At Goethe University in Frankfurt, 4,048 students recently sat down to describe how they actually use artificial intelligence—and their answers reveal something far more complex than the simple embrace-or-reject binary that often dominates the debate. While 89% of them have incorporated AI tools like ChatGPT and DeepL into their academic writing, most are grappling with a profound tension: they see real benefits, but they also sense something precious slipping away.
The nuance begins with what students actually do. They turn to AI primarily for the scaffolding work of academic life—beginning an assignment, brainstorming ideas, polishing language and style. But when asked about deeper work, the pattern shifts. Only about one-third use AI for analyzing research texts or drafting substantive content. This distinction matters because it suggests students retain an instinctive sense of which tasks demand their own intellectual muscle.

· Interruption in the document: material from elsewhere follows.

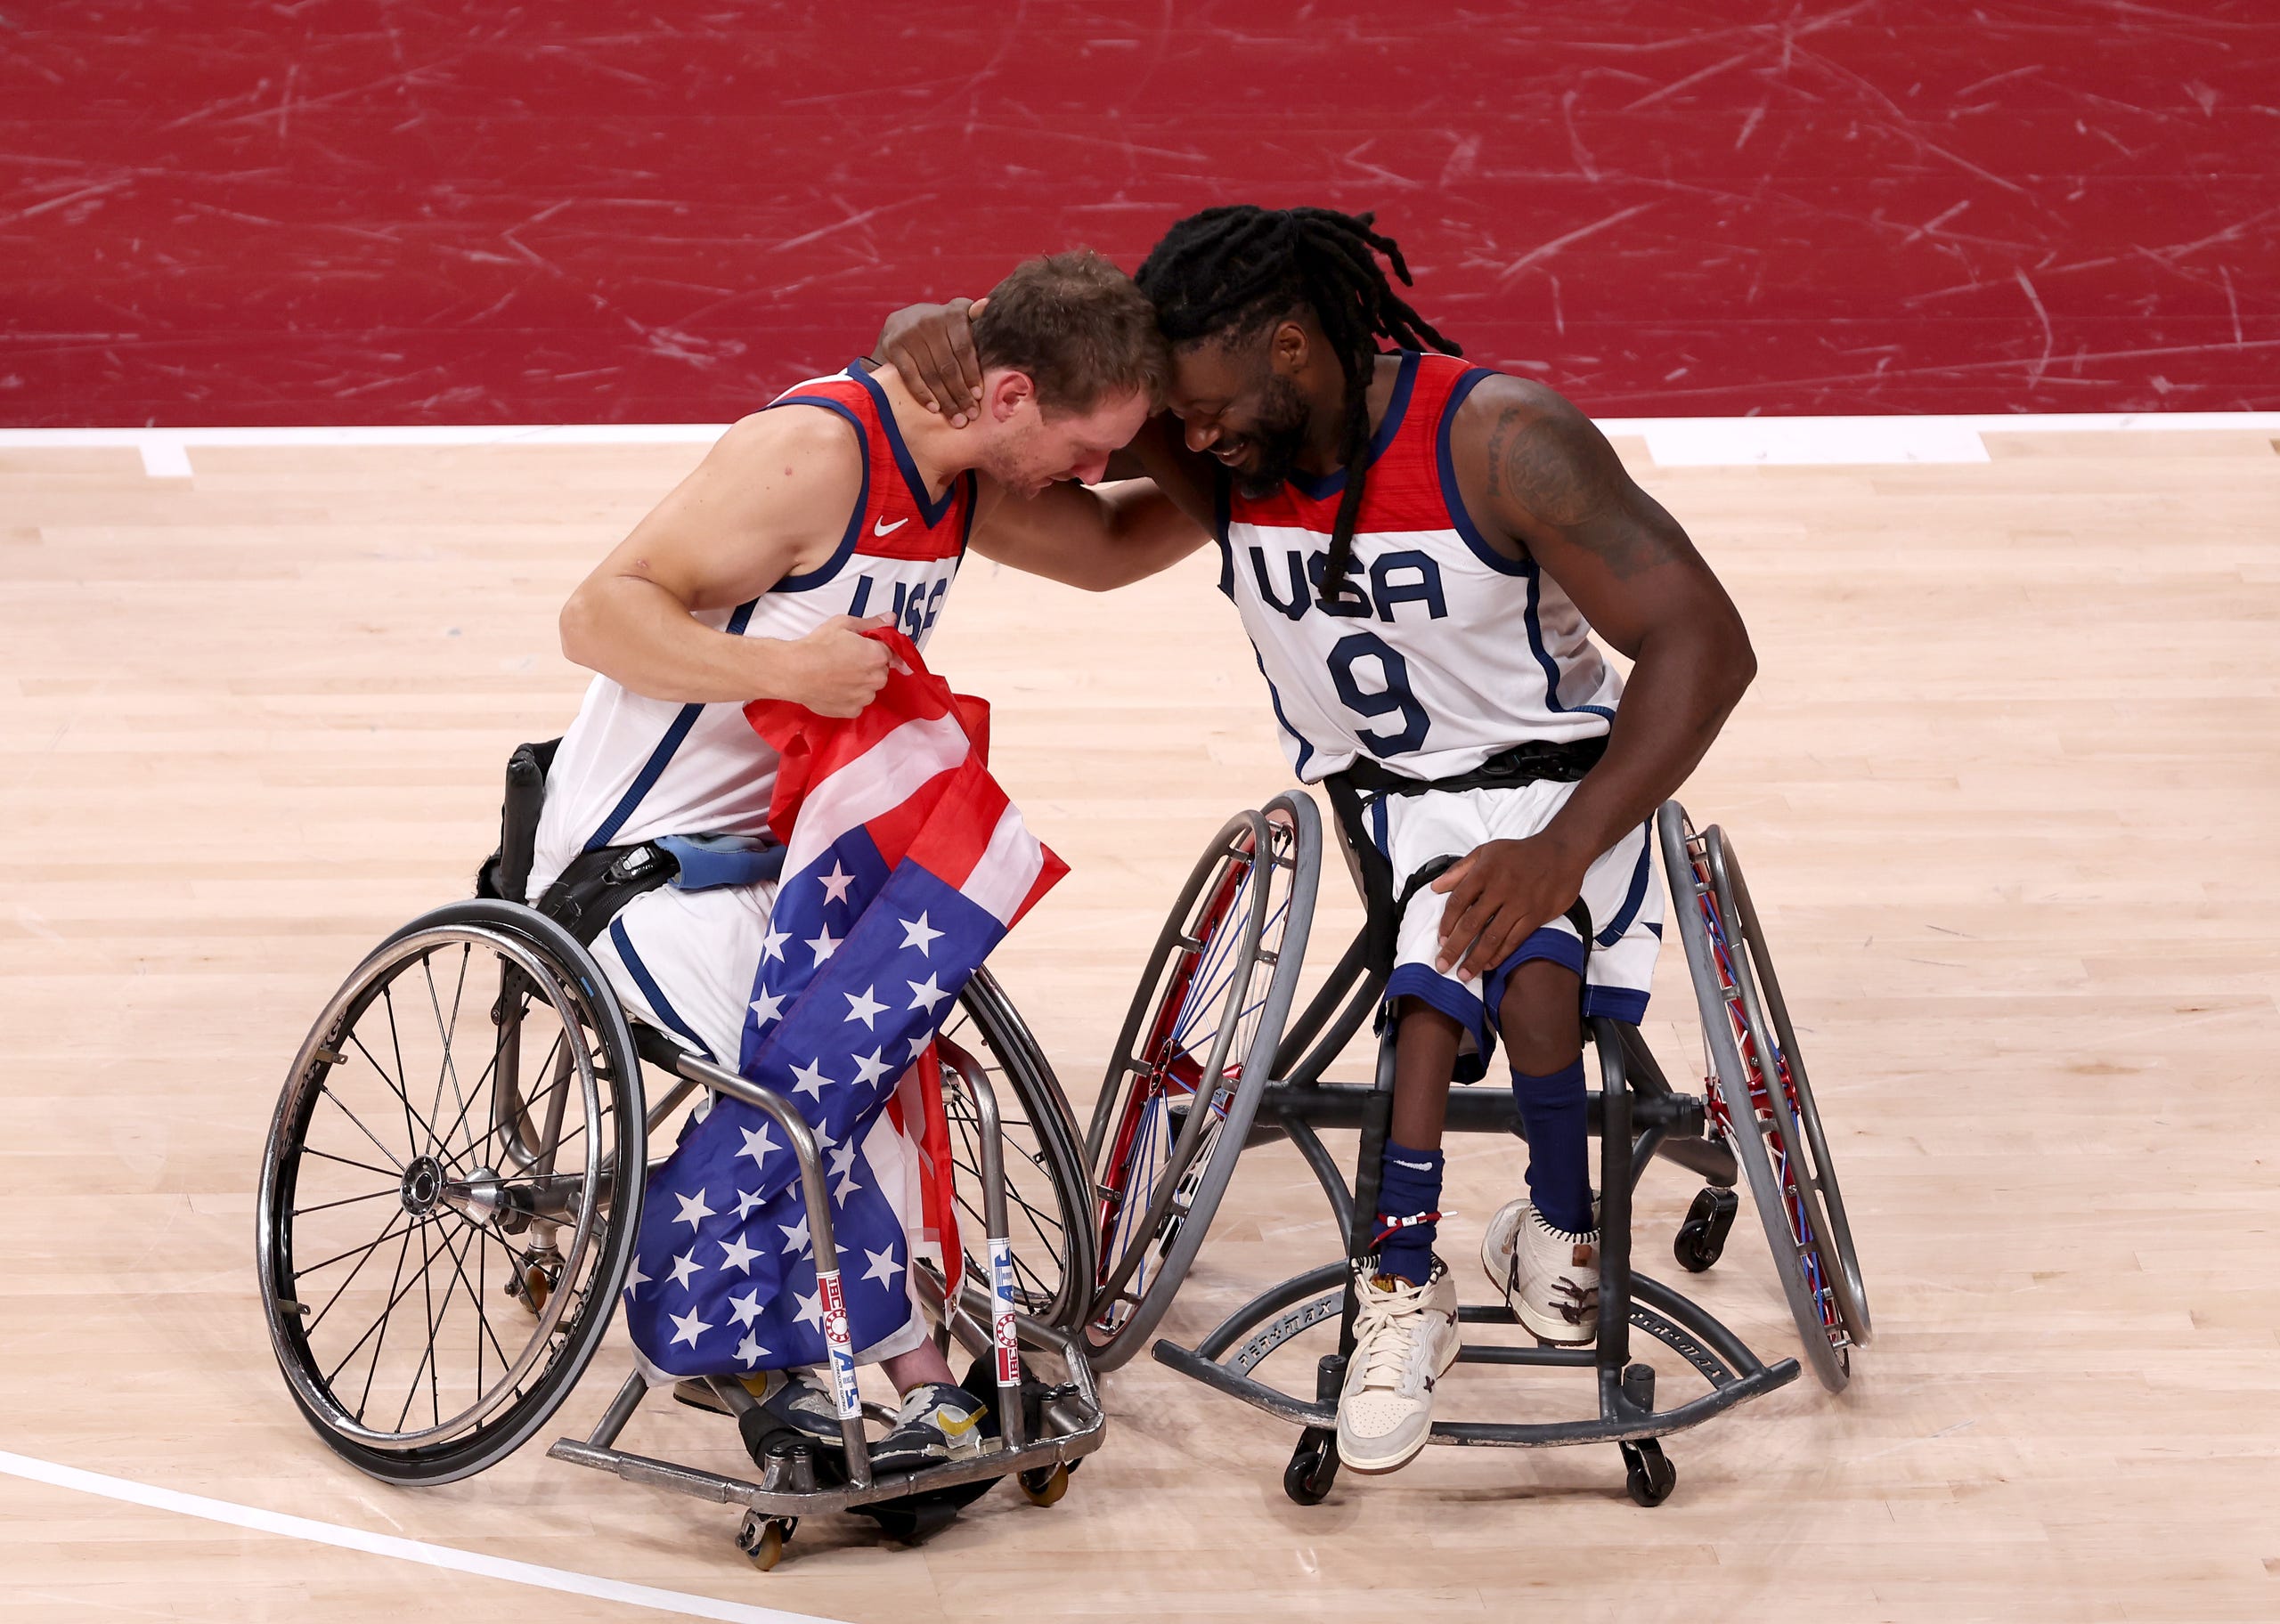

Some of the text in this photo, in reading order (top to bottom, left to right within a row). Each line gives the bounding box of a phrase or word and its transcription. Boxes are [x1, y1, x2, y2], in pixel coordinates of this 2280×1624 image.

Yet beneath those habits lies genuine unease. Study author Nora Hoffmann observed that "the majority of students try to limit their AI use to tasks they consider justifiable," driven by awareness that these systems make errors and by worry about their own dependency. Just over half said they accomplish less independently when using AI, while 45.5% fear losing their ability to think critically. These aren't marginal concerns—they're the majority view. At the same time, 92.2% of students said they felt personally responsible for the texts they submitted, and 78% described writing itself as an essential way to develop and test ideas.
The reality, however, often diverges from intention. Only 10% of students reject AI entirely. Another 18% manage what Hoffmann calls responsible use—treating AI as a "sparring partner" for testing ideas or a "tutor" for methodological guidance. But 72% admit they're tempted, particularly while reading, to let AI take over entire tasks, delegating authorship itself to what they call the "ghost" role. The culprit isn't moral weakness. Time pressure, grade anxiety, struggling motivation, writing difficulties—these are real conditions of student life, and they collide directly with AI chatbots designed to make themselves indispensable. One student captured the interior conflict perfectly: "Sometimes I have to actively motivate myself to think independently instead of handing the task over to AI."
The urgent question now is how universities respond. Hoffmann notes that the moment for intervention hasn't yet closed—many students learned to write before AI became widespread and still remember what they gain from wrestling with ideas on their own. But that cohort is aging out. The recommendations from Goethe's Schreibzentrum are specific: universities should define, discipline by discipline, which skills remain irreplaceable, which can reasonably be delegated, and which AI-related literacies students must develop. Critically, they should weave emotional and motivational dimensions into AI literacy programs, not just technical ones. And they should establish subject-specific guidelines while rebuilding support for reading and writing as learning processes, not just endpoints for assessment.
What's striking about this research is that it refuses both technophobia and technophilia. "The goal is not to ban AI," Hoffmann concludes, "but to enable students to use it critically and thoughtfully." The survey shows students are already trying—what they need now is institutional help to succeed.